[LEAPSECS] drift of TAI

Magnus Danielson magnus at rubidium.dyndns.org
Sat Sep 13 16:57:10 EDT 2008


Zefram wrote:

> David Malone wrote:

>> The cueues for this frequency shift look just like a 4 hour phase

>> shift every day.

>

> Except that it's a continuous `shift', rather than an instantaneous

> four-hour jump.

>

>> Of course, there could be a long-term adaption

>> I guess.

>

> That's what I'm expecting. With jetlag you're expected to retain the

> same frequency and shift phase, so there's no adaptation to a different

> frequency.

>

>> Unless you were living divorced from daylight, it's unlikely this

>> is your natural period.

>

> I had *some* exposure to the outdoors, but this was only a couple of

> percent of the time, when taking buses between home and campus. Half the

> time this did not involve sunlight. At both ends of that journey I

> lived a completely indoor existence, without unobstructed sight of an

> external window. So desynchronisation seems quite feasible.

>

> Probably relevant: before the free-running period I was accustomed to

> irregular sleep periods that had little synchrony with the planet.

> Even when I had lectures to go to, I kept completely ad hoc hours.

> In those years I could shift phase to an arbitrary extent within

> two days, by simply staying up until the bedtime of the target phase.

> Nowadays I've become conditioned to working (approximately) office hours,

> and I seem to be much more tied to the regular cycle: I have difficulty

> staying up as much as 24 hours. When I need to, though, I still break

> phase entirely rather than shift gradually.

>

>> http://www.hno.harvard.edu/gazette/1999/07.15/bioclock24.html

>

> Interesting work.
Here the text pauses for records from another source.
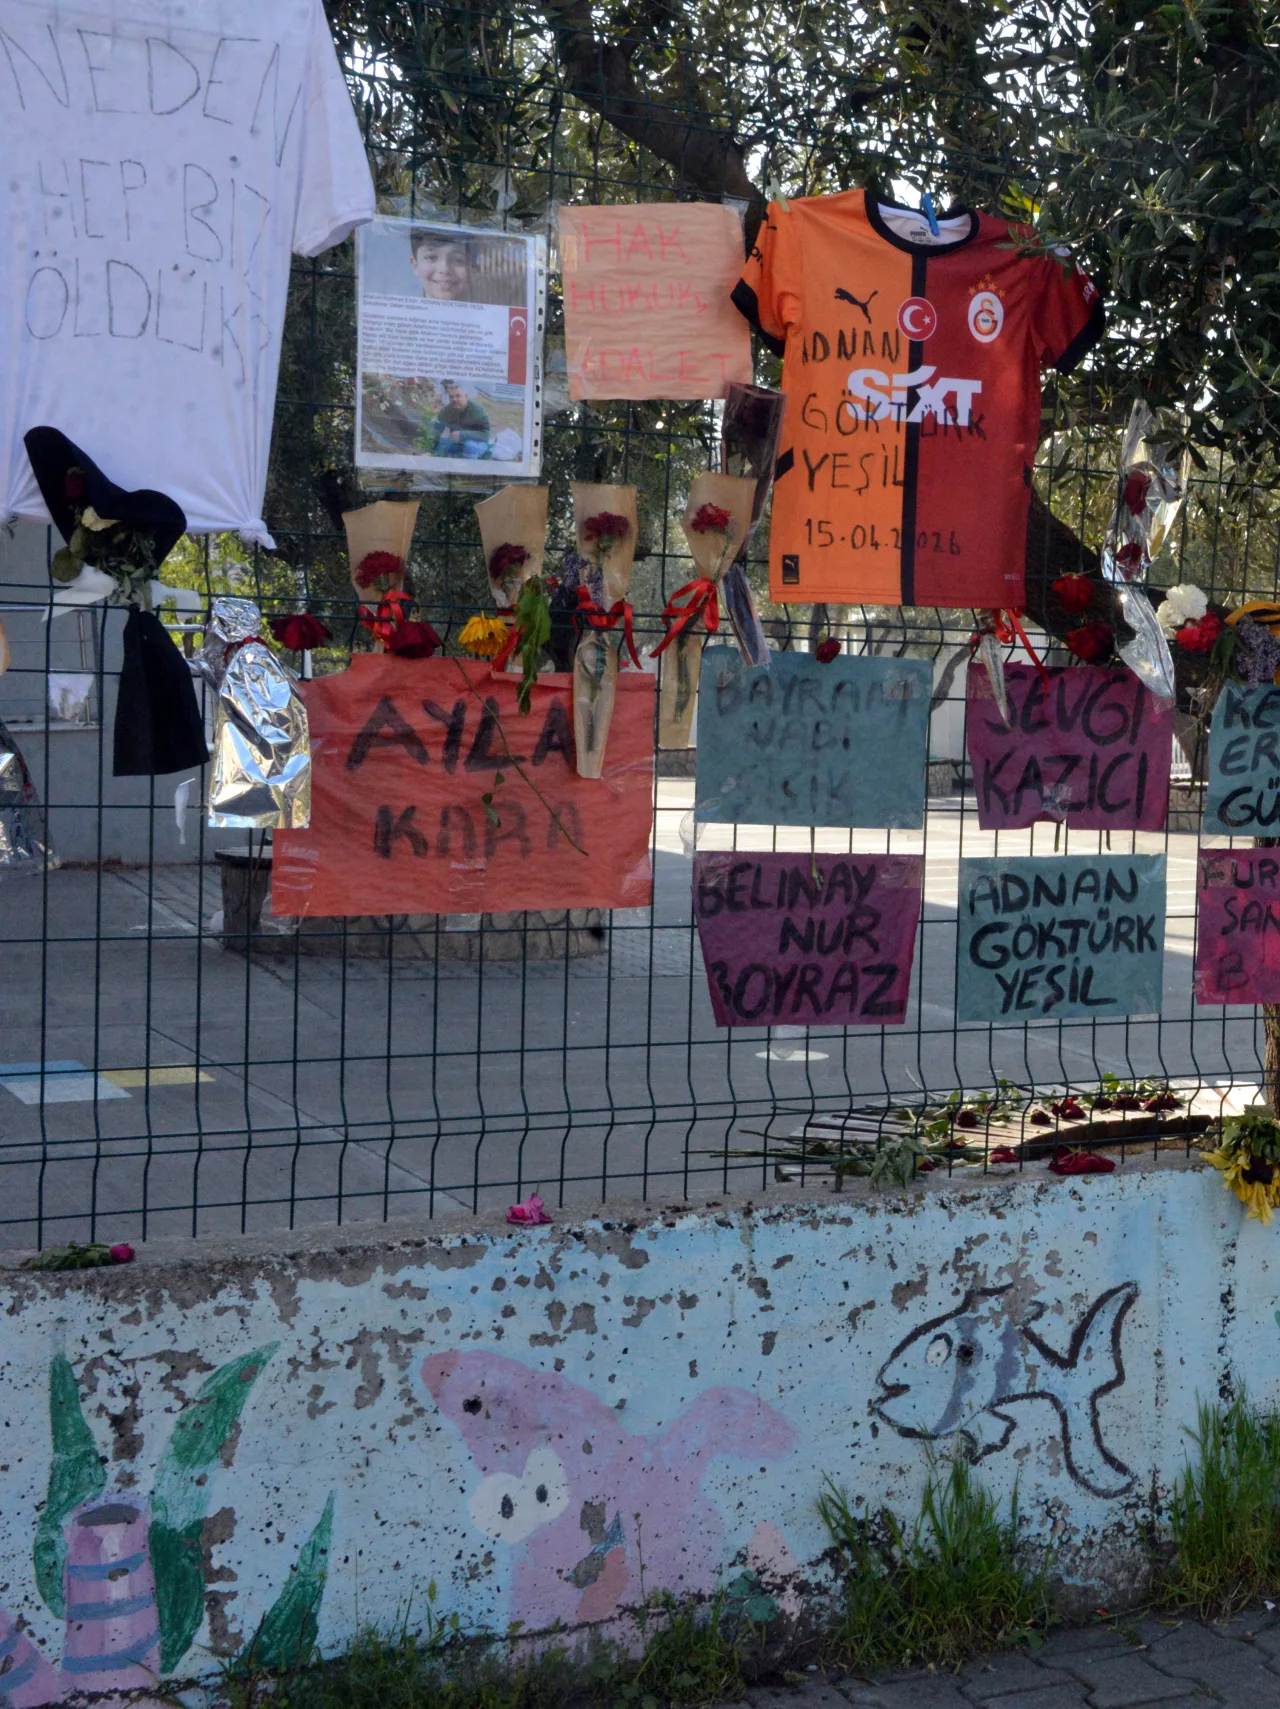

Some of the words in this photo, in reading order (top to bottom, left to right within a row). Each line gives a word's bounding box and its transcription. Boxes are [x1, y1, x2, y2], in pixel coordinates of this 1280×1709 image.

[0, 22, 302, 168] NEDEN
[37, 157, 147, 242] HEP
[579, 346, 735, 385] ADALET
[801, 327, 901, 365] ADNAN
[801, 389, 987, 442] GÖKTÜRK
[802, 444, 905, 496] YEŞİL
[345, 695, 575, 775] AYLA
[982, 747, 1149, 820] KAZICI
[968, 867, 1139, 916] ADNAN
[778, 905, 882, 956] NUR
[968, 906, 1158, 971] GÖKTÜRK
[994, 956, 1118, 1016] YEŞİL
This still, like the discredited earlier work, shows

> a biological cycle longer than the natural solar day. Evolutionarily

> you'd expect us to be built for a shorter cycle, since the Earth rotated

> faster in our evolutionary past. But the day was only a few minutes

> shorter when our ancestors switched from nocturnal to diurnal behaviour,

> so there shouldn't be much in it.

>

>> a 28 hr day is long enough to prevent people's hormones getting in

>> sync with the day.

>

> They're drawing a strong distinction between the hormone-controlled

> circadian rhythm and actual sleep/wake rhythm. I hadn't thought about

> this before. On those occasions when I've stayed awake for lengthy

> periods of time, occasionally 60 and once over 70 hours, I've certainly

> had periods of lowered body temperature and lower physical activity,

> matching what they describe for the hormonally-sleepy phase. I recognised

> it as such at the time. But the regular 40-hour cycle was different.
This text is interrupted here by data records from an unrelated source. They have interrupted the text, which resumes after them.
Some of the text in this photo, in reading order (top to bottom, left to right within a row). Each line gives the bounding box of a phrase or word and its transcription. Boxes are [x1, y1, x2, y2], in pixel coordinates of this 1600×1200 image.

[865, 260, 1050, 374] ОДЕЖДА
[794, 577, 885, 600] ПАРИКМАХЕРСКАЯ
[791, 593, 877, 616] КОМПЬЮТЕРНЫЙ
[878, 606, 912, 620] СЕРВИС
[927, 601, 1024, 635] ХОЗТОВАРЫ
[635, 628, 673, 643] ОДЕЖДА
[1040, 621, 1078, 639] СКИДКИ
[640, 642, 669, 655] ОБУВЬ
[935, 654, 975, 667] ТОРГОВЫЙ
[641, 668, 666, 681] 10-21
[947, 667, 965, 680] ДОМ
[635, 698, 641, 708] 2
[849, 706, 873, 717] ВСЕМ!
> As I recall, I just didn't feel sleepy at all until I'd been up more

> than 20 hours. The cycle of 24 hours awake and 16 asleep felt like a

> normal circadian rhythm, not overriding the natural state at any point.
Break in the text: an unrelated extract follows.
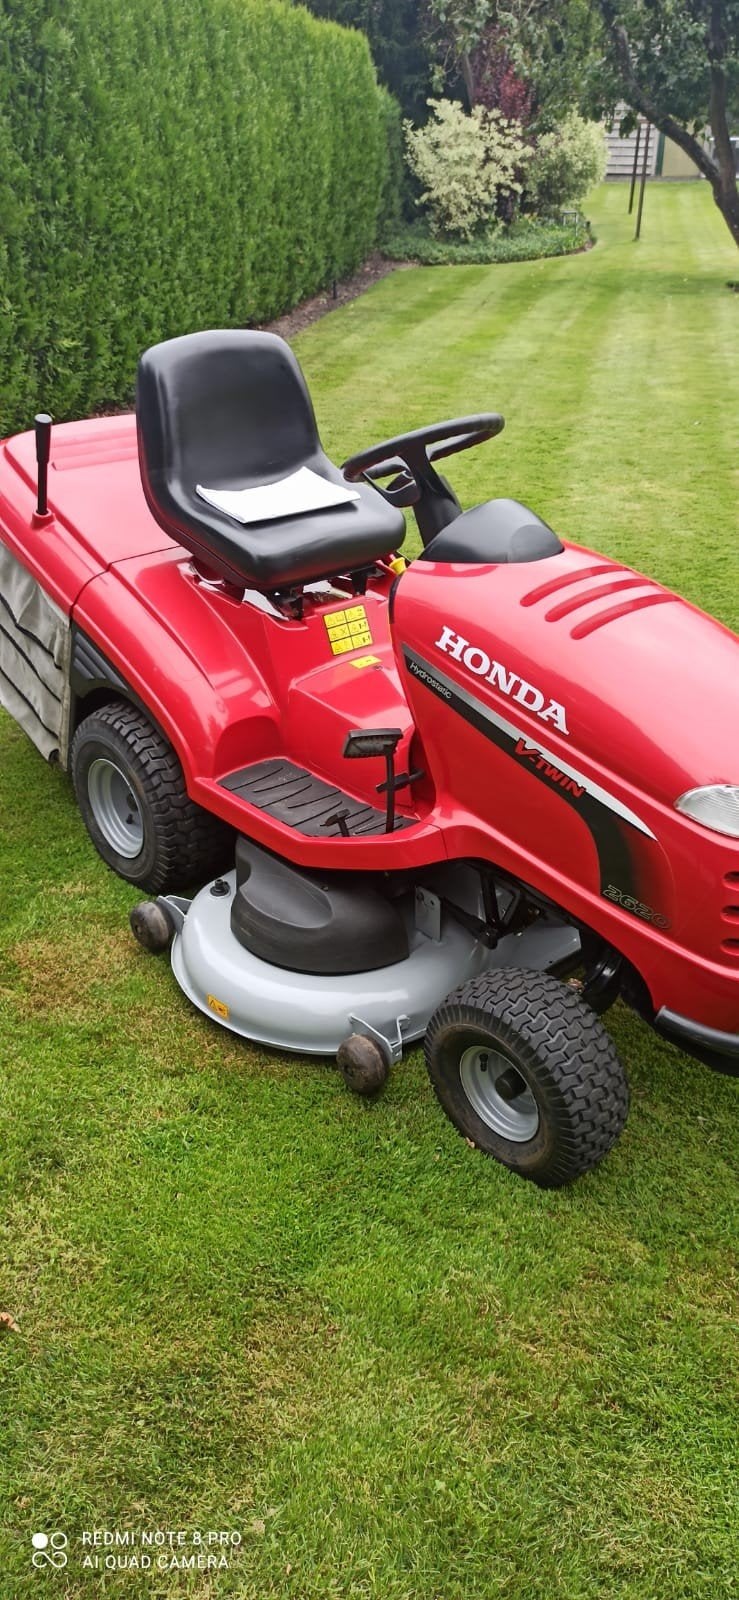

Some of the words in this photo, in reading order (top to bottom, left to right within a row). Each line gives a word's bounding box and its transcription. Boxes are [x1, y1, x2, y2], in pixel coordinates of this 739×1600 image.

[409, 662, 453, 699] Hydrostatic
[435, 626, 569, 735] HONDA
[514, 737, 587, 798] V-TWIN
[602, 884, 672, 930] 2620
No, no, no... with the new SI second based on the observation that a
second is 10639620104 and 1/6 oscillation from the hyperfine transition
of Cs-133. 100 ks becomes just a day.

Let's keep the prespective here! Also, 1 meter is the precission
calibrated distance from my fingertip to my noise, assuming of course
that I have been given the necessary beers before you are allowed to
measure. Instability of measures can't be guaranteed otherwise.